No one can leave the National Park without a valid authorisation from the KMVN authorities. After a couple of cups of hot tea I presented myself at the Reception to complete the check out formalities and collect the gate pass. Visitors can leave the complex only after 6.30 am. Arshad, who had stayed overnight with one of the staff, was waiting to take me back to the Forest GH in Ramnagar. Since I had told him that I would like to leave Ramnagar by 9, he ignored the speed restriction of 20 kmph inside the Park. By 8.30 I reached the Forest GH and made the payment for the Gypsy. The stay and transport to the National Park cost me about Rs 6000, but was worth it. Travelling with a companion to these places will halve the cost as the accommodation and transport costs can be shared. Arshad is a good contact for visiting the Jim Corbett National Park. He can be contacted on 09927160387. He will complete all the bookings and paperwork prior to picking you up from the appointed place (he is a reasonably decent photographer too). However, it must be said that the best time to visit the Park is in the summer months of March to May. The Park remains closed for 5 months during the monsoon from 15th June. Once it reopens in November, the water sources are many inside the forests. Hence, the cats and the elephants remain mostly hidden from the view of the visitors. I was told that it is not possible to drive through the Park in summer without a few elephant crossings.
I started for Dehra Dun just after 9 am. The hill roads in Uttarakhand are relatively better than in most other States, particularly the North East. However, stretches such as Afzalgarh to Dhampur and Nagina to Najibabad are being worked on. I did the Dehra Dun trip leisurely to let the cold air pinch my face and also enjoy the villages en route. Short of Haridwar I stopped at a Punjabi Dhaba for Roti and Dal Makhni. The extra Makhan made the side dish doubly tasty. Haridwar was packed. Even at 1 pm pilgrims were many in the bathing ghat. I had visited Haridwar nearly 15 years ago. The traffic arrangements and places to stay have improved considerably since then. Though I considered going to Mussoorie directly I decided to do that tomorrow and drove to the Northern Railway ORH near the Dehra Dun railway station.
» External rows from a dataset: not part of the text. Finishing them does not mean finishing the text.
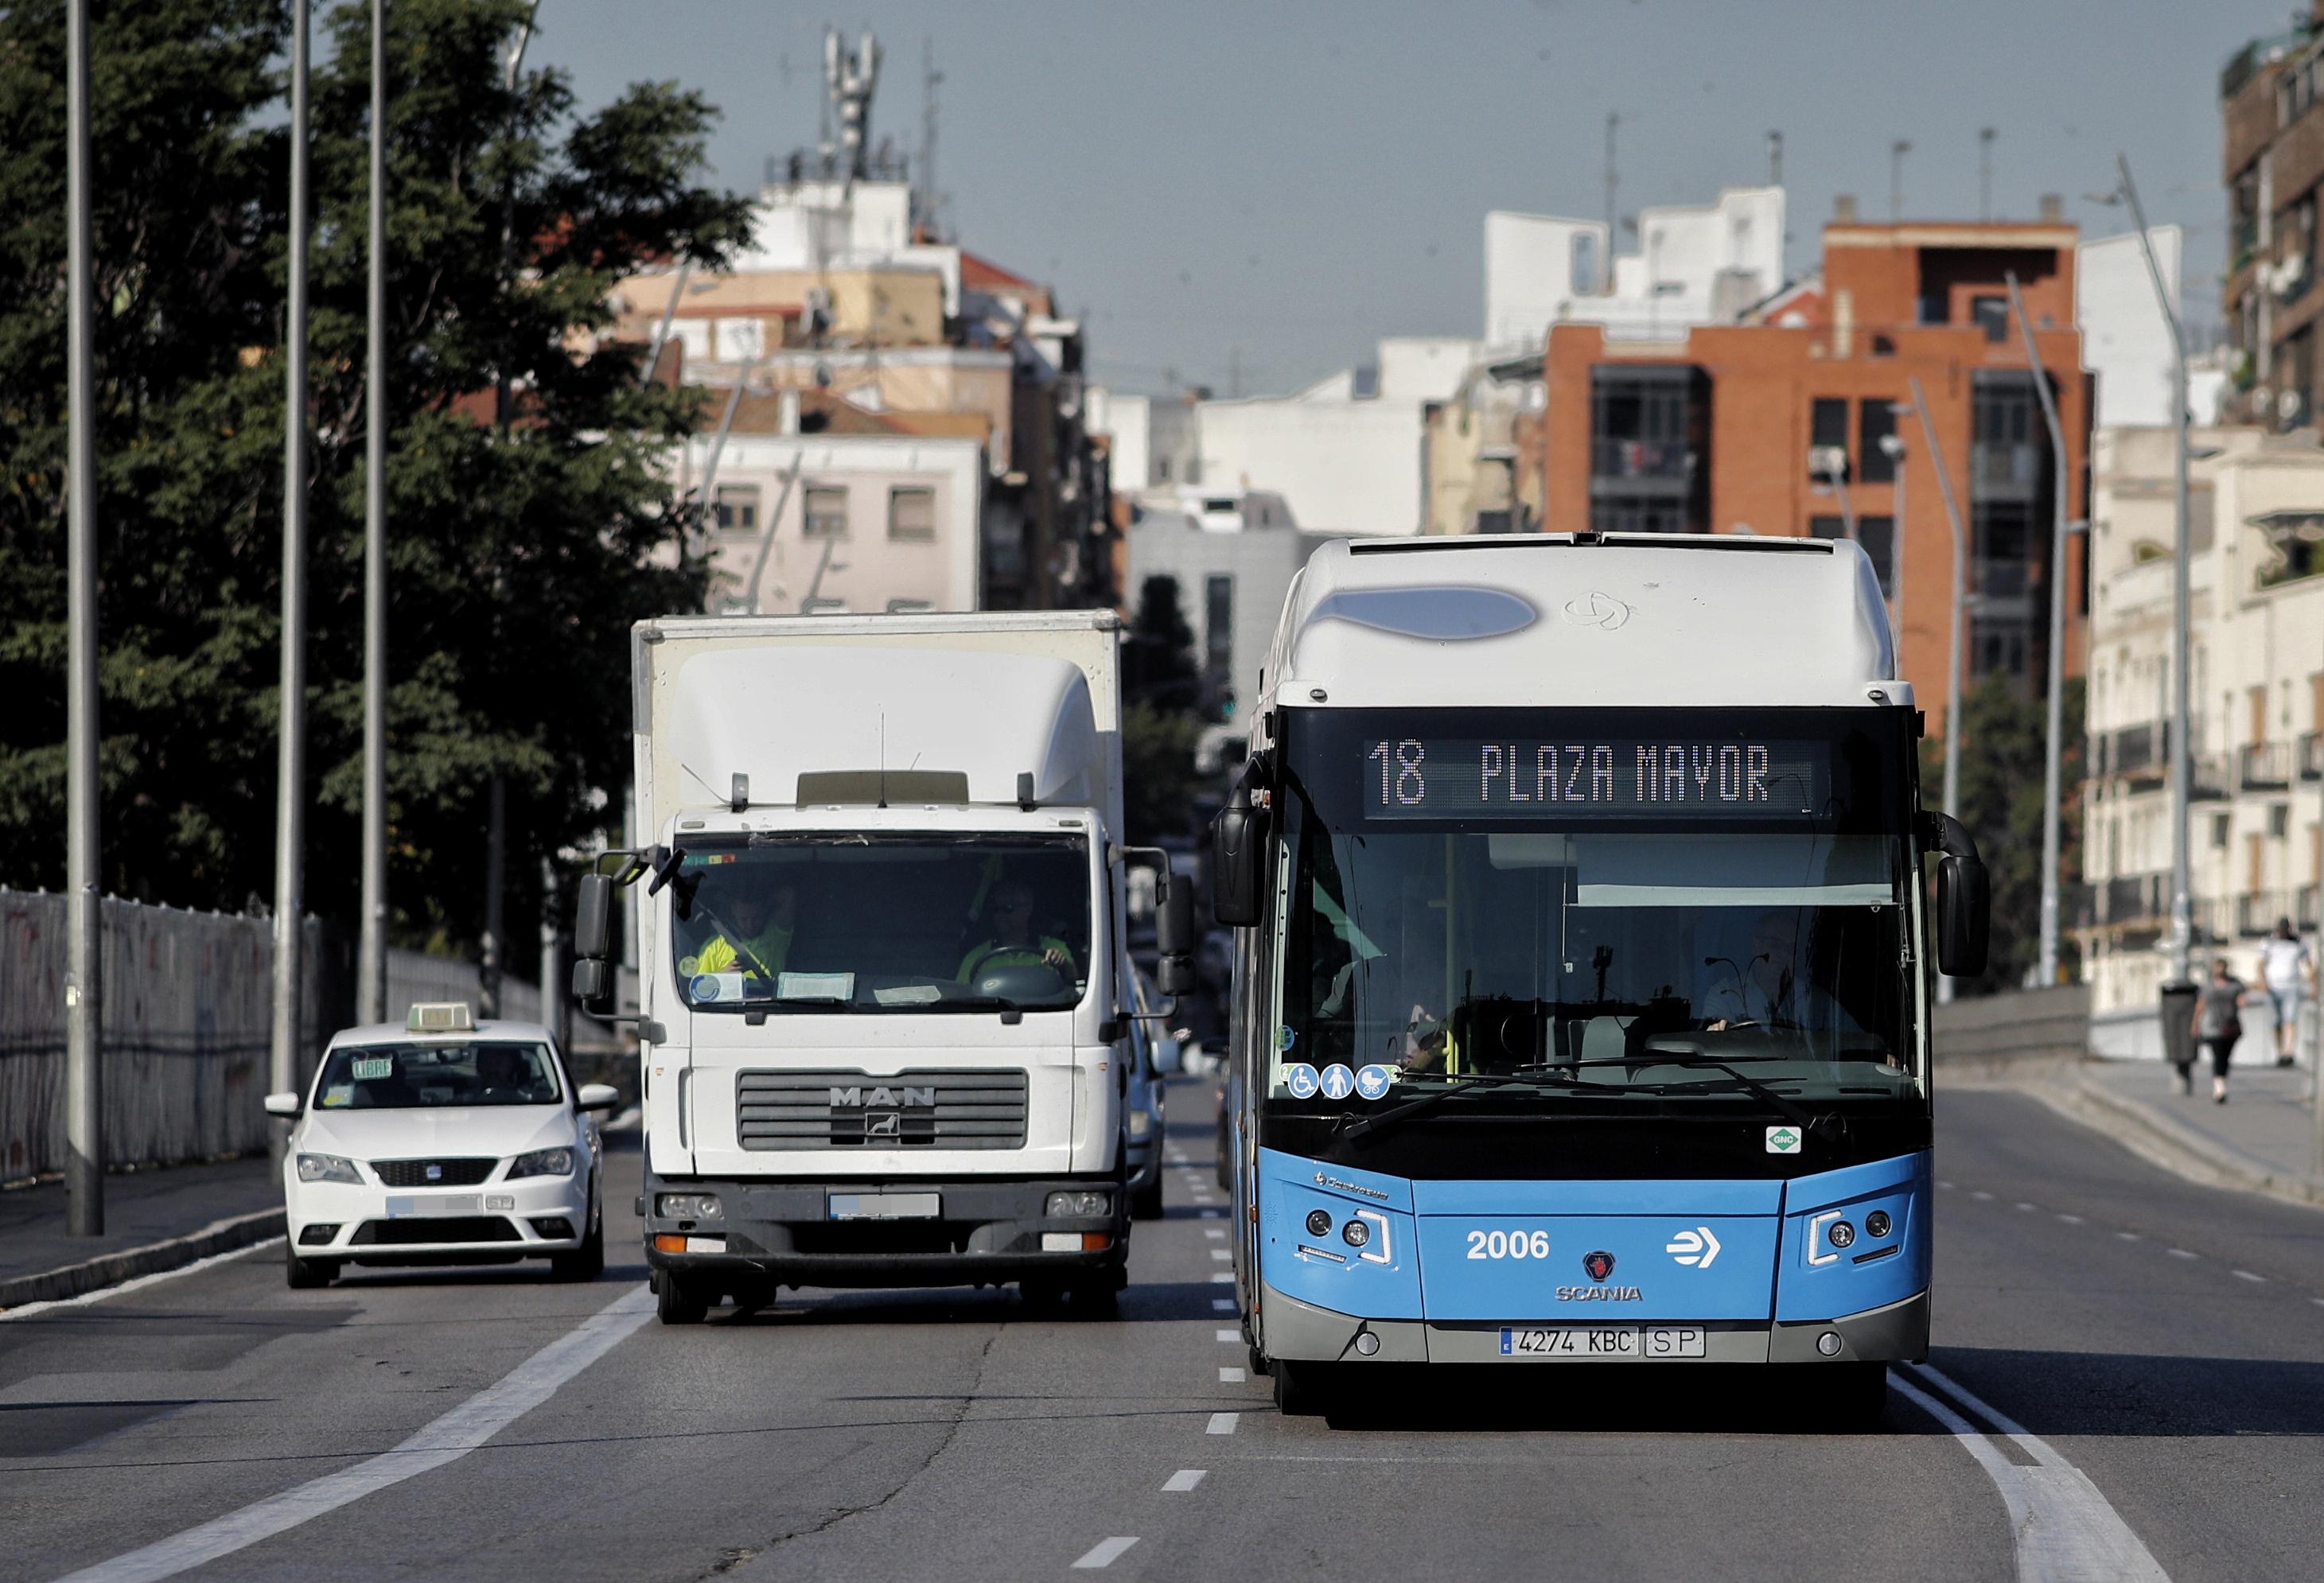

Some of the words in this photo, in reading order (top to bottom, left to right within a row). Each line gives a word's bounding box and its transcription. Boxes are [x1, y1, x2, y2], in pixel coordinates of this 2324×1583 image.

[1368, 739, 1425, 804] 18
[1481, 745, 1614, 801] PLAZA
[1637, 745, 1768, 801] MAYOR
[830, 1087, 935, 1107] MAN
[1773, 1135, 1794, 1144] GNC
[1467, 1231, 1550, 1259] 2006
[1554, 1285, 1643, 1301] SCANIA
[1519, 1330, 1575, 1352] 4274
[1589, 1330, 1632, 1352] KBC
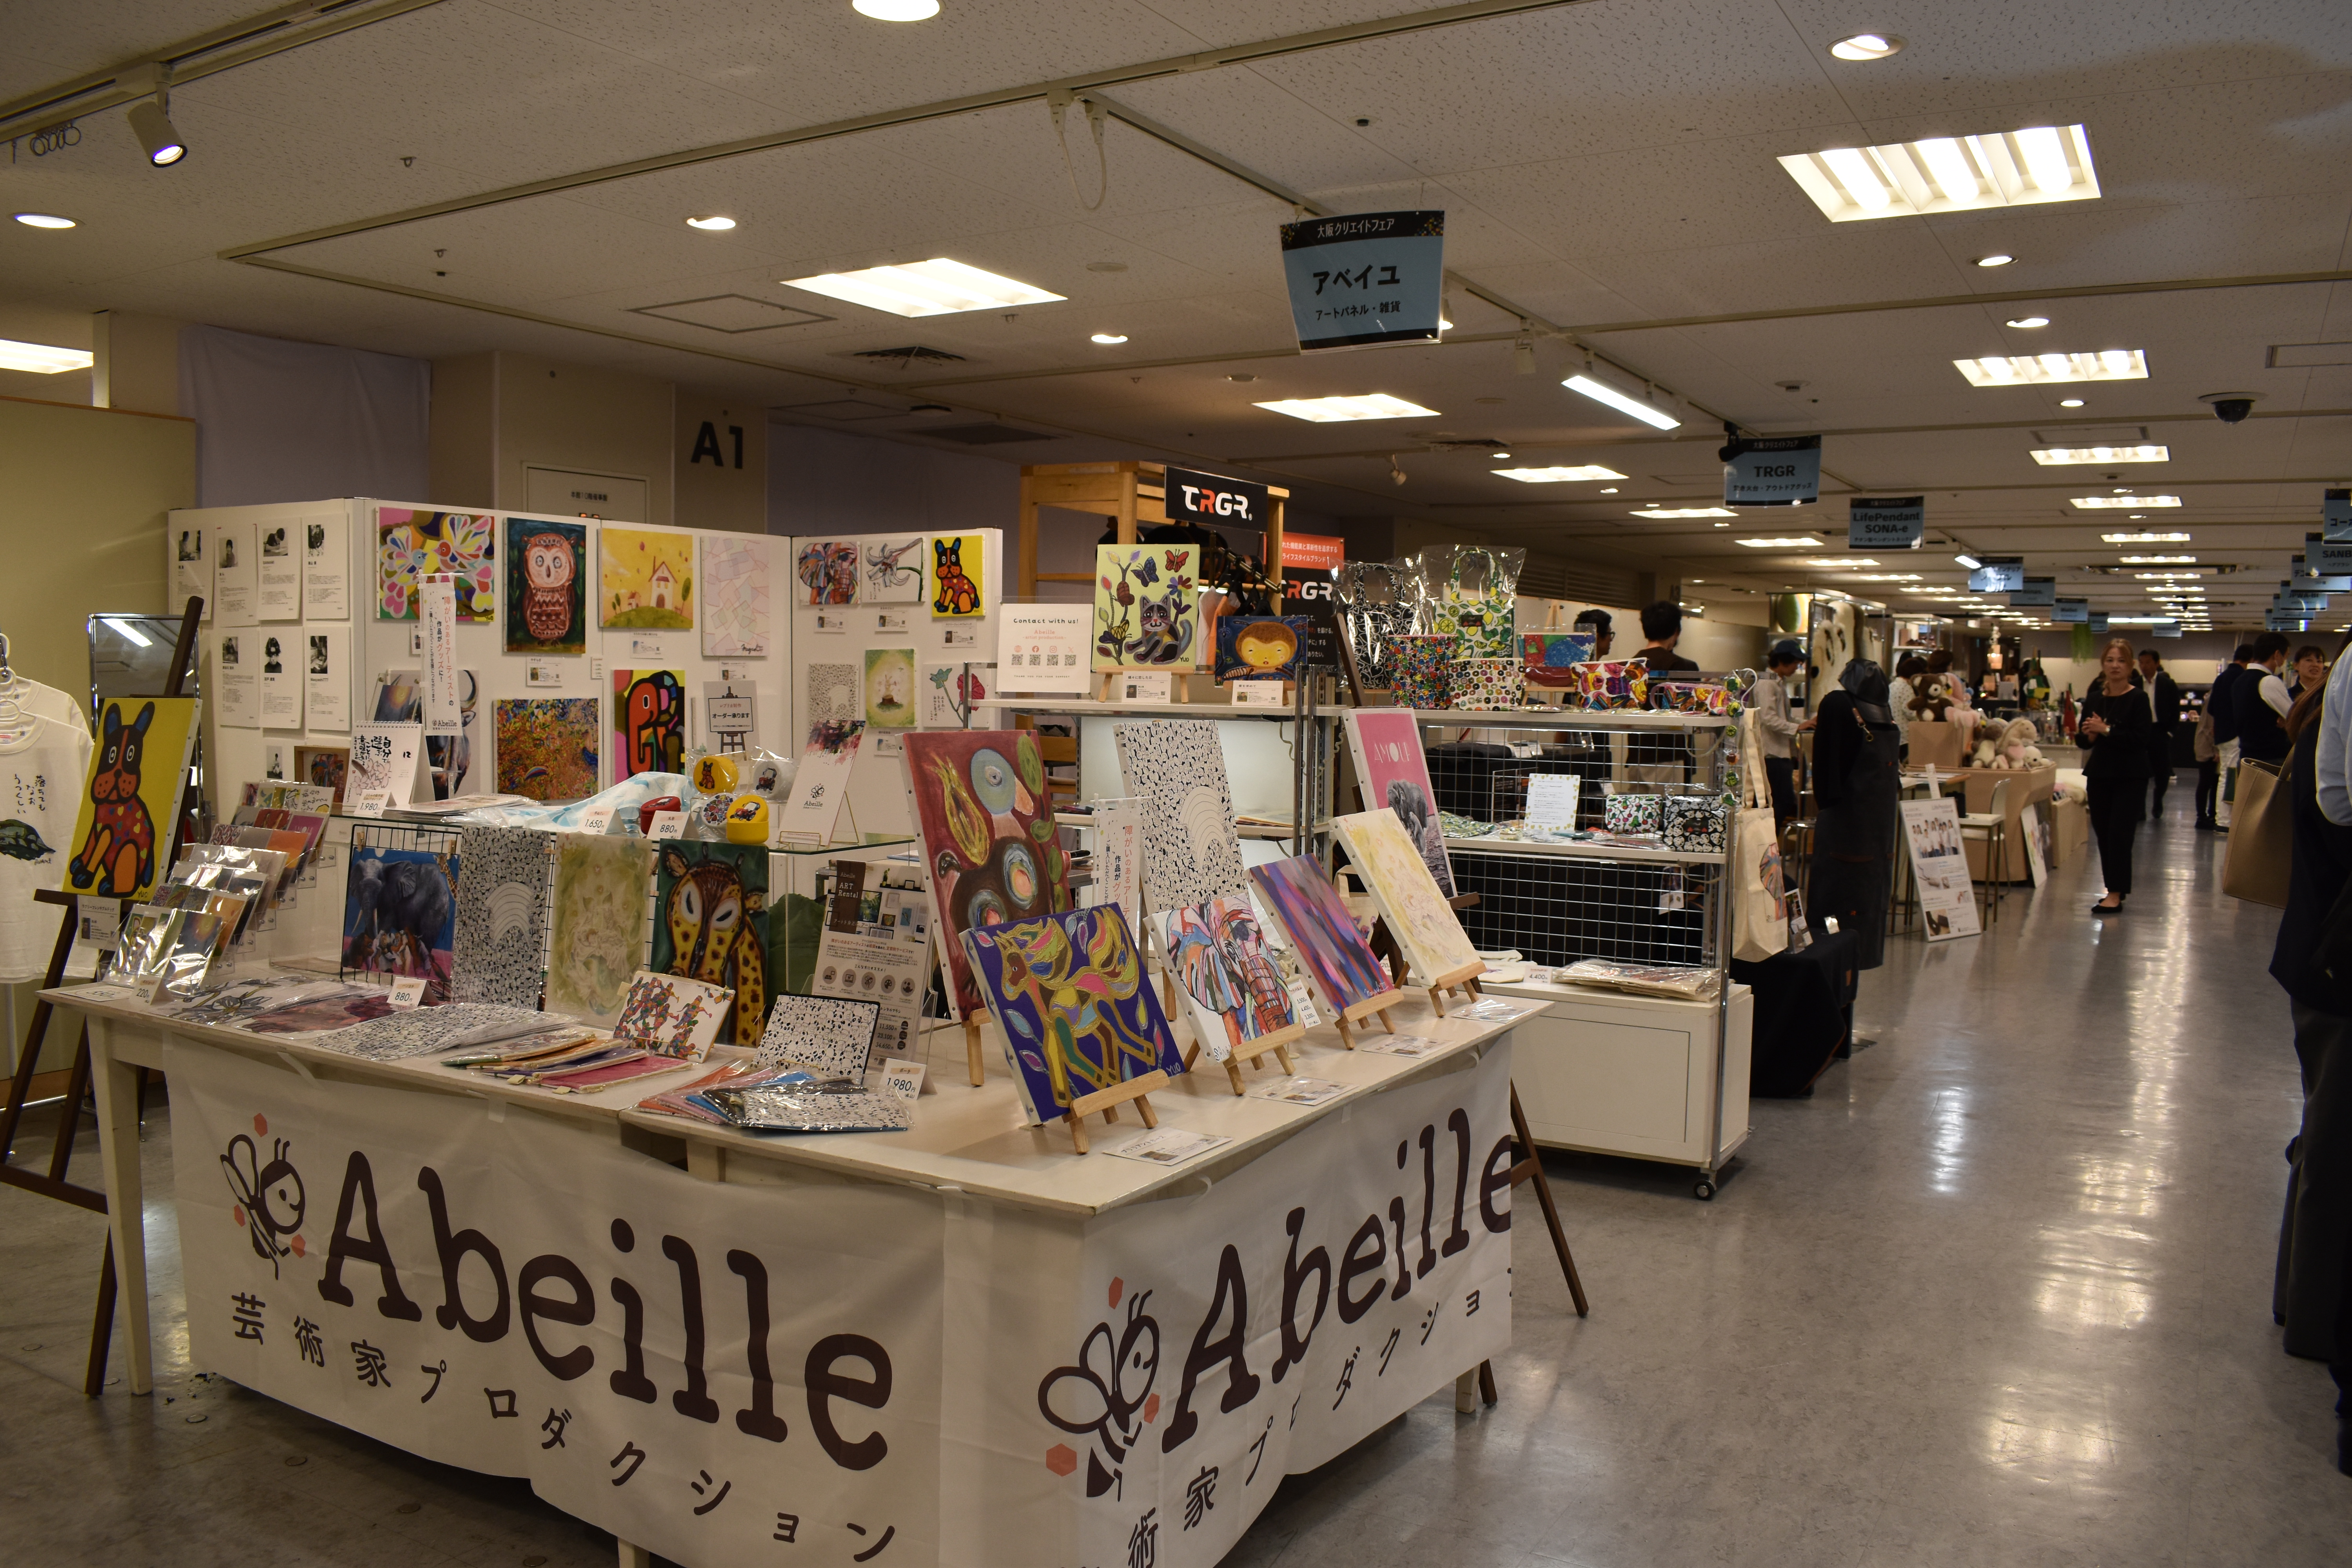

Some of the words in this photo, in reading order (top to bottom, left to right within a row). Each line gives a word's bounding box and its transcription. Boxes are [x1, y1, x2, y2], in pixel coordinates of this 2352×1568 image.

[1317, 218, 1395, 239] 大阪クリエイトフェア
[1313, 264, 1400, 296] アベイユ
[1316, 301, 1401, 321] アートパネル・雑貨
[690, 421, 743, 469] A1
[1753, 465, 1795, 477] TRGR
[1181, 485, 1249, 519] TRGR
[1853, 512, 1920, 522] LifePendant
[1865, 524, 1908, 533] SONA-e
[14, 773, 26, 814] うつくしい
[26, 784, 36, 806] なお
[36, 775, 46, 812] 落ちても
[584, 818, 604, 829] 1,650円
[660, 824, 677, 833] 880円
[838, 889, 858, 898] Rental
[395, 992, 413, 1002] 880円
[887, 1077, 916, 1093] 1980円
[1161, 1108, 1511, 1454] Abeille
[317, 1150, 893, 1471] Abeille
[230, 1290, 896, 1563] 芸術家プロダクション
My first visit to Dehra Dun was on 1st September 1981 by train from Delhi. I had made some friends on the train who were also due to report to the Lal Bahadur Shastry National Academy of Administration in Mussoorie to begin our lives as Government Servants. After disembarking from the train we were taken by buses to the Academy. So the initial interface was just the walk along the platform. I decided to do just that after depositing the luggage in the ORH. I walked across to the office of the Station Superintendent on the platform and, over a cup of tea, took his testimonial of my visit to Dehra Dun. I then set out to explore the Rajpur road, where Kwalitys was a must visit during those days for the superb pastries on offer. The long walk from the railway station showed me how much the place has changed; naturally it had to in 29 years. However, I did not feel the clutter I used to feel way back then. The roads are lined on both sides with shops and traffic is well regulated despite the heavy density of vehicles. I came across the ‘hairXpresso’ salon and walked in to experience it. For Rs. 100 I got a decent haircut, which would have reduced my weight somewhat. Down the road I saw another salon with computerised hair dressing advertised and was tempted to walk in further weight shedding. What intrigued me most during the walk were ‘Simran Off Vodka’ and ‘Garba Chow Vodka’ in the rate list displayed by a wine shop. I had a huge meal in McDonalds and started back to the ORH. On the way I came to the Indra Market, a centre for bags, hosiery, wollens, leather goods, etc. I walked in to an almost carnival atmosphere. Sales were brisk in most shops. People were buying up for the colder days ahead. I bought some inners (it’s getting seriously cold) and a huge bag to keep the keep the stuff in the car organized. I will hit the sack after soaking clothes to wash tomorrow and crystallizing the plans for tomorrow.